Consider me the prosecuting attorney here. I am hereby bringing charges against radiometric dating. I accuse radiometric dating (more accurately the assumptions which are utilized in connection with radiometric dating) of fraud. In a court of law there are two legal kinds of fraud: “actual fraud” and “constructive fraud,” the distinction being the first is deliberate and the latter is inadvertent. I will let you, the reader, decide whether we have been the victims of actual or constructive fraud on the part of evolutionists.

I assert that radiometric dating is completely unreliable. I have some witnesses to summon, both friendly and hostile, to solidly back up this claim.

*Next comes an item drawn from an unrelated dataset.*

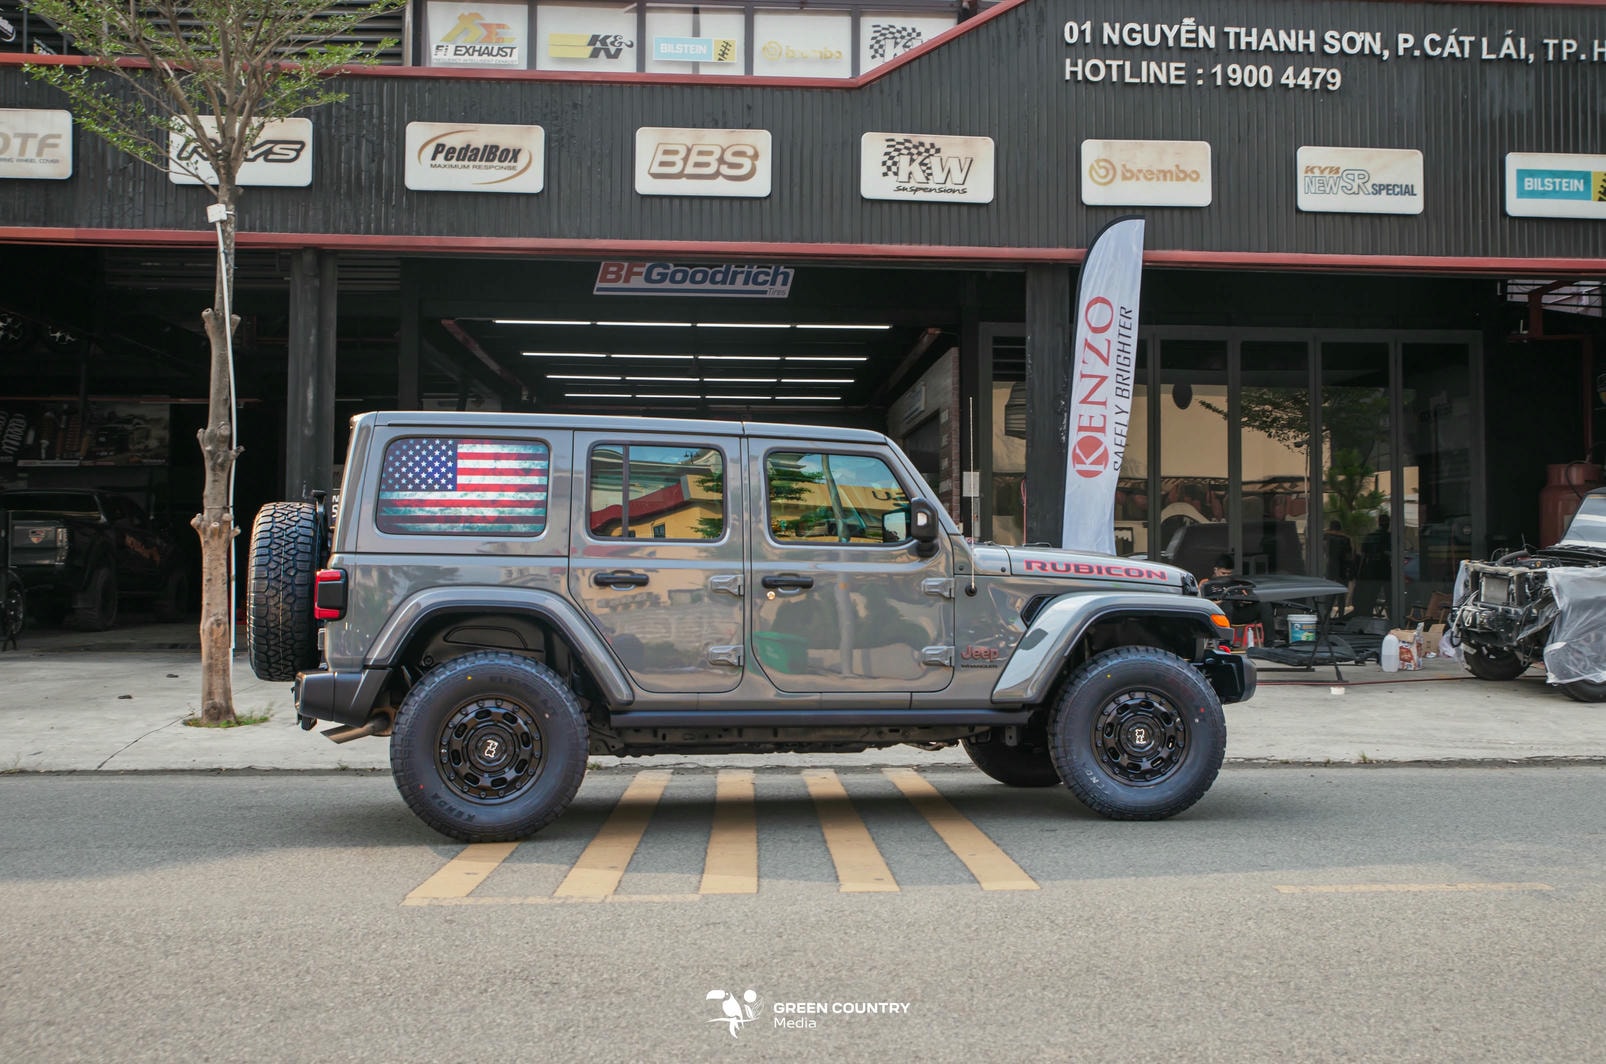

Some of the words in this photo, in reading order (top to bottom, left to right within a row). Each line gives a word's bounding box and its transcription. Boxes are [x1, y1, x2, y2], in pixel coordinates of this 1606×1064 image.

My first witness is ROGER LEWIN, hard-core evolutionist and atheist, Ph. D. in biochemistry, was editor of research news at the prestigious “Science” magazine in Washington D.C., and was editor at “New Science” magazine in London. Lewin is an INSIDER in the world of paleoanthropology and co-authored three books (Origins and Origins Reconsidered and The Sixth Extinction) with Richard Leakey, son of the famous Louis Leakey.

Lewin’s book, “Bones of Contention” is a kind of play-by-play recounting of the famous and longstanding controversy between the Leakeys and Donald Johanson regarding supposed human evolutionary origins.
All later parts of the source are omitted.